■ **Your goal**:
Word for word, print every entry below.
○ ○ ○
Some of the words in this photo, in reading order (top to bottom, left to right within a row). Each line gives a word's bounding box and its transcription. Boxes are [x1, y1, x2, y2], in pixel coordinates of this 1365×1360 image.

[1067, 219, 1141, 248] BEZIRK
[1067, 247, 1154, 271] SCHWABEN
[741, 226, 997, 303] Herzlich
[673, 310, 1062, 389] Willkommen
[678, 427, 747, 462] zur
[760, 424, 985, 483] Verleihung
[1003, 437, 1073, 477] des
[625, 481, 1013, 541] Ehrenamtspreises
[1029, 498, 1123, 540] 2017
○ ○ ○
■ **Reply to the exercise**:
Some of the words in this photo, in reading order (top to bottom, left to right within a row). Each line gives a word's bounding box and its transcription. Boxes are [x1, y1, x2, y2], in pixel coordinates of this 1365×1360 image.

[1067, 219, 1141, 248] BEZIRK
[1067, 247, 1154, 271] SCHWABEN
[741, 226, 997, 303] Herzlich
[673, 310, 1062, 389] Willkommen
[678, 427, 747, 462] zur
[760, 424, 985, 483] Verleihung
[1003, 437, 1073, 477] des
[625, 481, 1013, 541] Ehrenamtspreises
[1029, 498, 1123, 540] 2017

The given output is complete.